**WHAT TO PRODUCE:** Will you output all of the data below exactly, omitting the images?

[Records contained in a dataset]
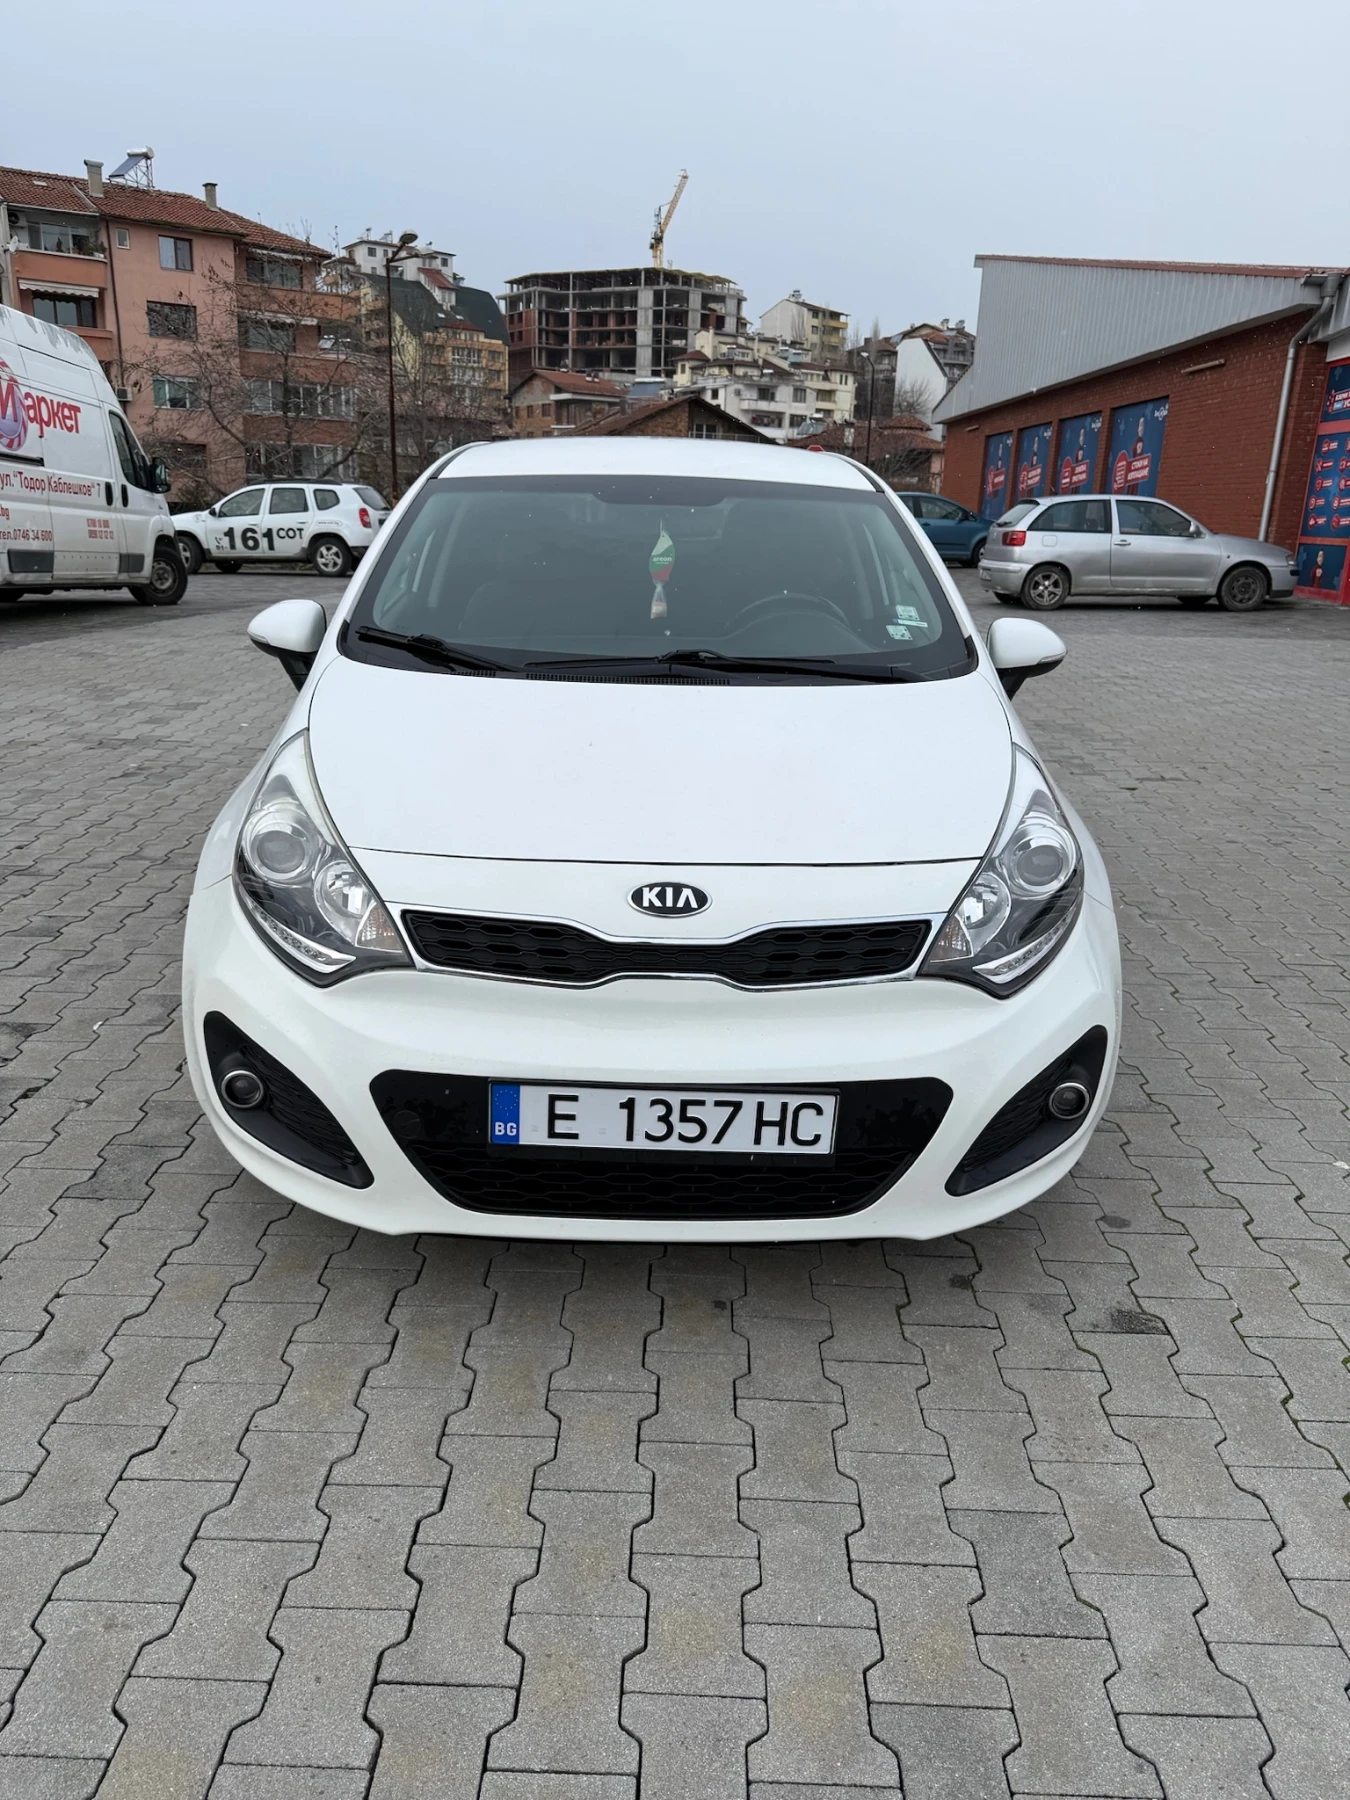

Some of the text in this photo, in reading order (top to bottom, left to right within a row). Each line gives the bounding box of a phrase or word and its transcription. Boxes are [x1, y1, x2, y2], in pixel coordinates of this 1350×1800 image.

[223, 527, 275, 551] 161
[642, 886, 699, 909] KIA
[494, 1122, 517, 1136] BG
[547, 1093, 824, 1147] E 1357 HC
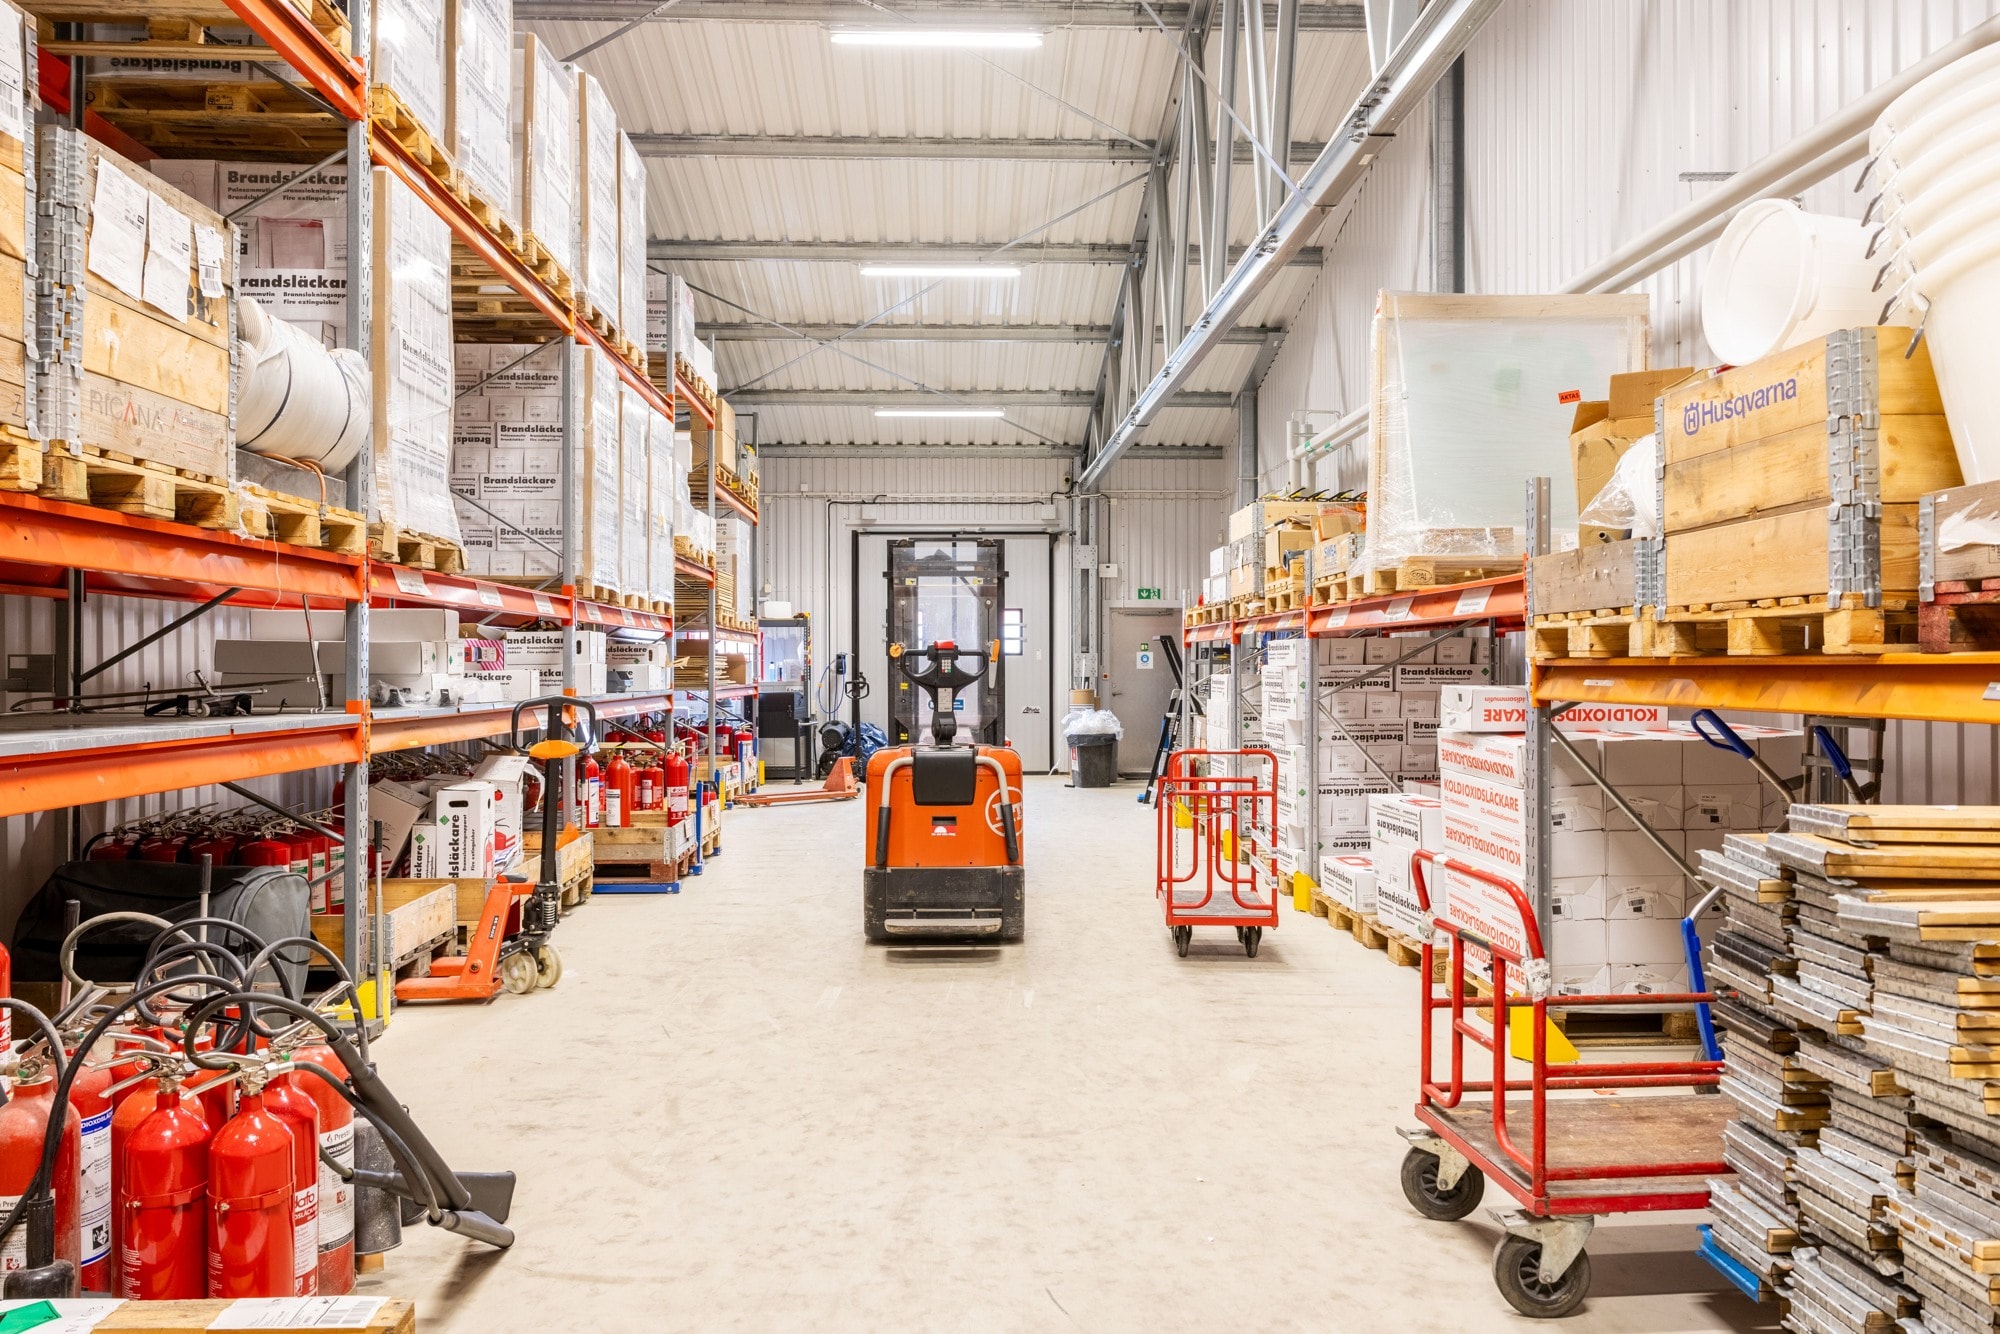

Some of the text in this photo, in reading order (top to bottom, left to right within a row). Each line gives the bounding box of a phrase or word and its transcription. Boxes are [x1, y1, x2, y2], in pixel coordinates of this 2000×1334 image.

**RESPONSE:**
Some of the text in this photo, in reading order (top to bottom, left to right within a row). Each line gives the bounding box of a phrase or word and its transcription. Boxes are [x1, y1, x2, y2], in pixel coordinates of this 1350×1800 image.

[223, 527, 275, 551] 161
[642, 886, 699, 909] KIA
[494, 1122, 517, 1136] BG
[547, 1093, 824, 1147] E 1357 HC

Some of the text in this photo, in reading order (top to bottom, left to right within a row). Each line gives the bounding box of a phrase or word and its transcription. Boxes are [x1, y1, x2, y2], in pixel coordinates of this 2000×1334 image.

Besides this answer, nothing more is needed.